**What to do:** Nothing but the pictures is dropped; write out all the remaining data below exactly.

**Source records:**
■ ■ ■ ■ ■ ■ ■

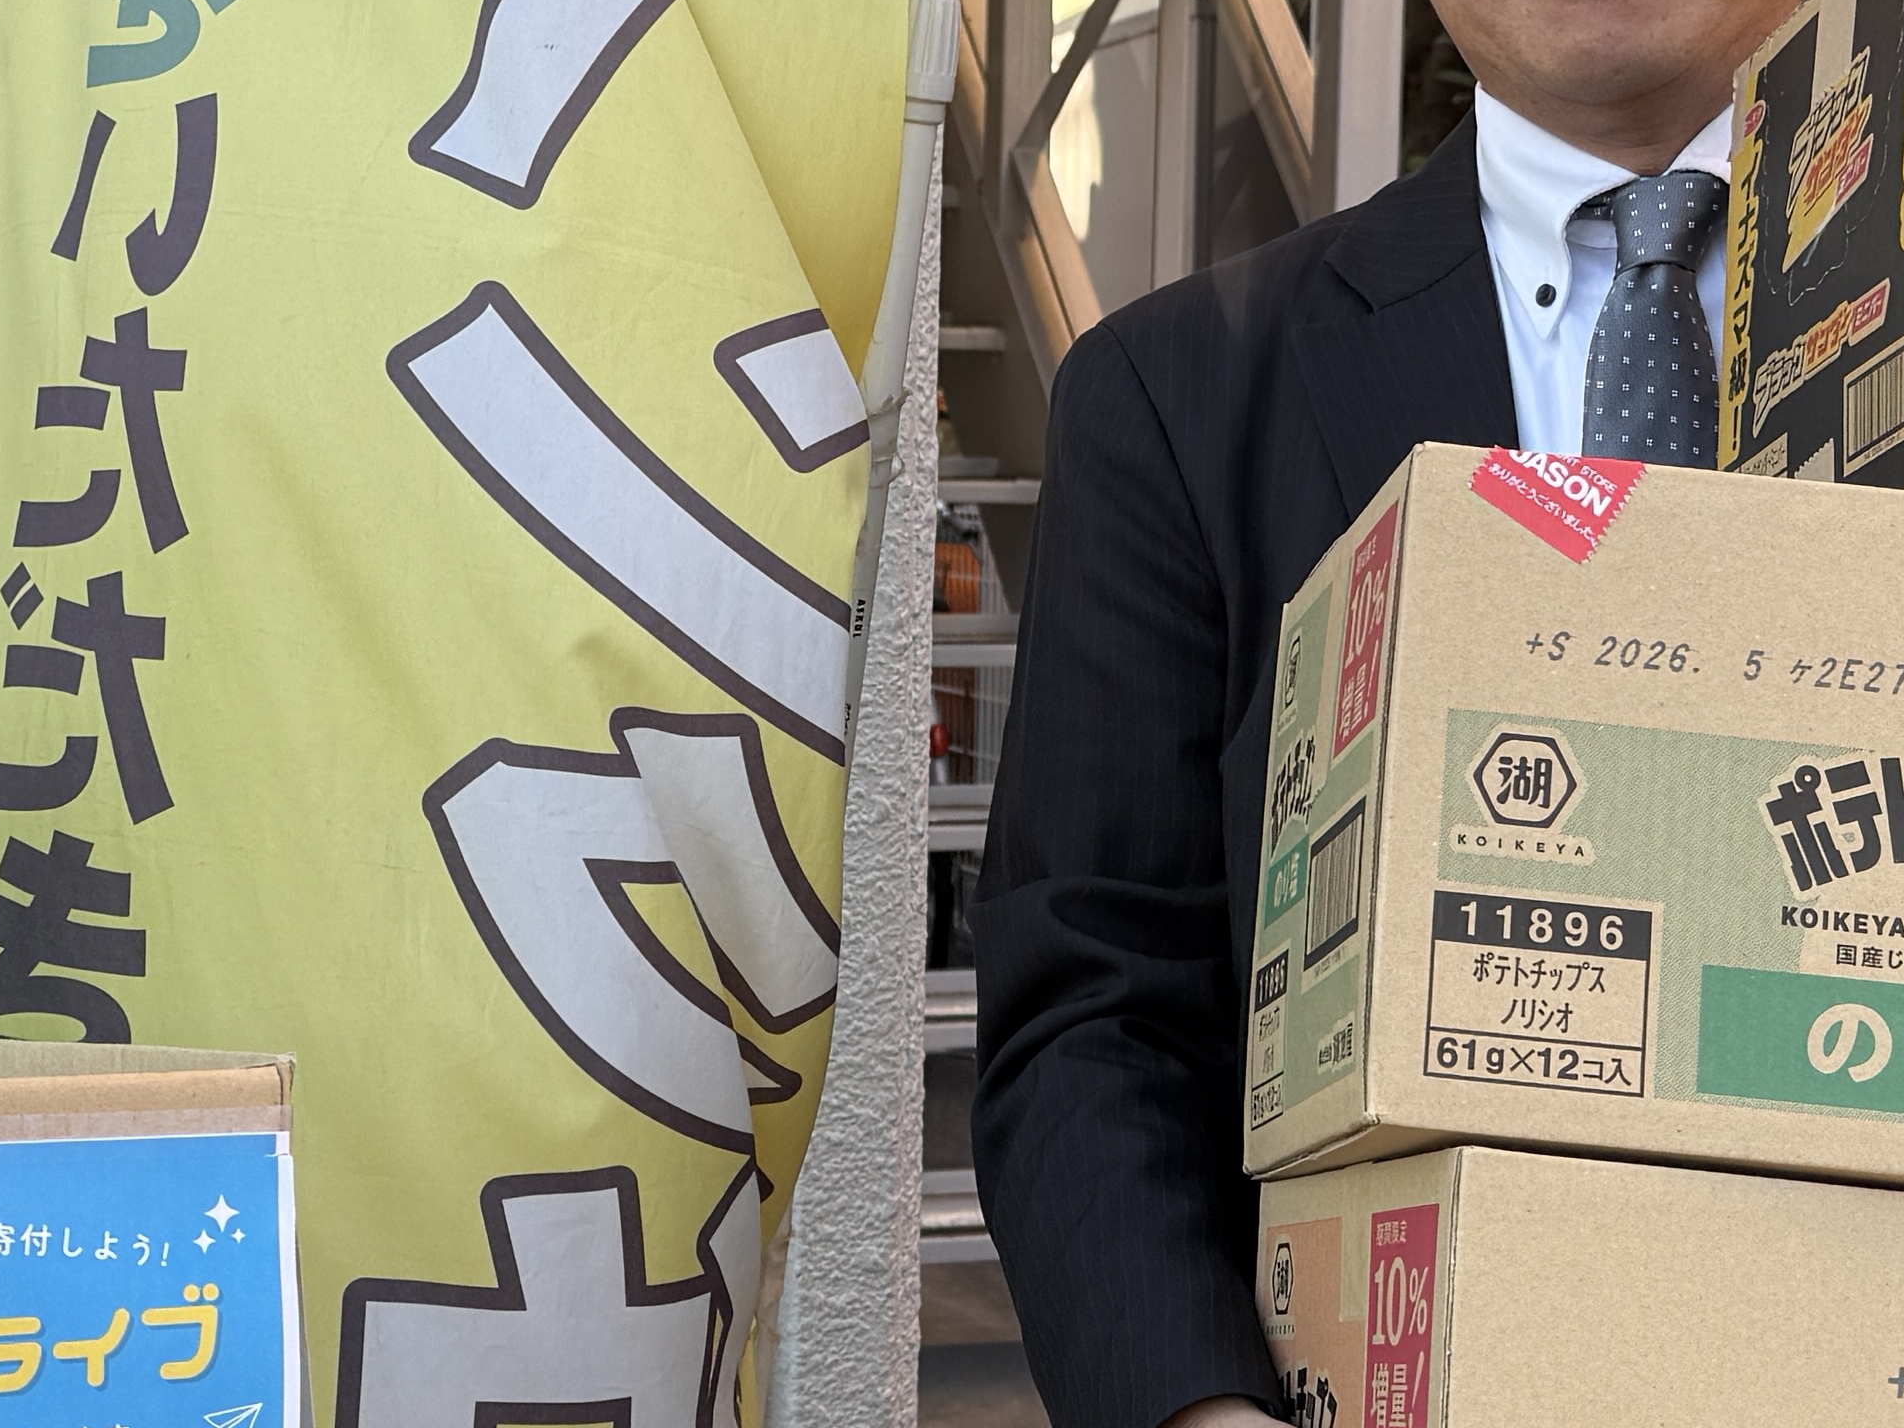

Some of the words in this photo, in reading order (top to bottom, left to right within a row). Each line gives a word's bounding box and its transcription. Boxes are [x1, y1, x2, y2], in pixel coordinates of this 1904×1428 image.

[1595, 634, 1703, 674] 2026.
[1742, 650, 1764, 681] 5
[1497, 755, 1553, 811] 湖
[1456, 832, 1586, 859] KOIKEYA
[1458, 900, 1626, 950] 11896
[1471, 952, 1608, 994] ポテトチップス
[1499, 998, 1575, 1035] ノリシオ
[1434, 1036, 1633, 1087] 61g×12コ入
[1371, 1255, 1430, 1347] 10%
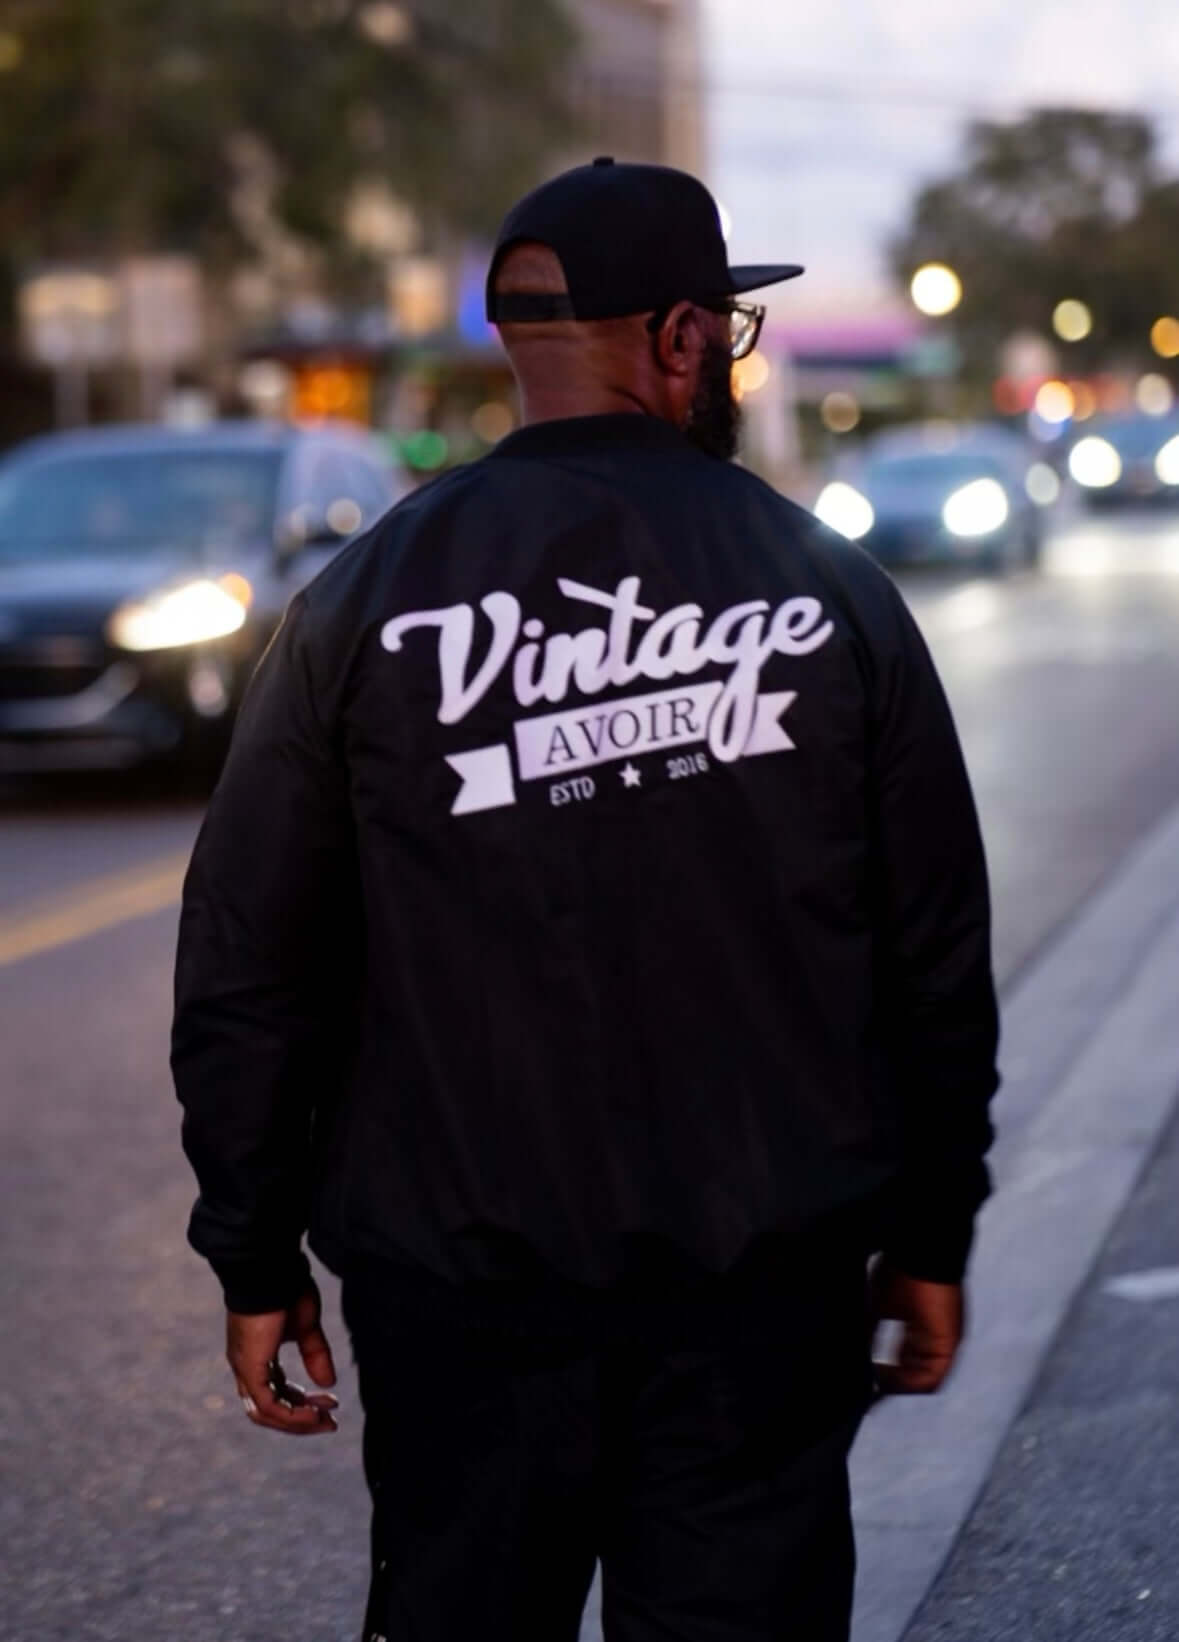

■ ■ ■ ■ ■ ■ ■

**Solution below:**
Some of the words in this photo, in reading order (top to bottom, left to right within a row). Each line gives a word's bounding box and its transcription. Boxes are [x1, y1, x2, y2], in pixel coordinates of this 1904×1428 image.

[1595, 634, 1703, 674] 2026.
[1742, 650, 1764, 681] 5
[1497, 755, 1553, 811] 湖
[1456, 832, 1586, 859] KOIKEYA
[1458, 900, 1626, 950] 11896
[1471, 952, 1608, 994] ポテトチップス
[1499, 998, 1575, 1035] ノリシオ
[1434, 1036, 1633, 1087] 61g×12コ入
[1371, 1255, 1430, 1347] 10%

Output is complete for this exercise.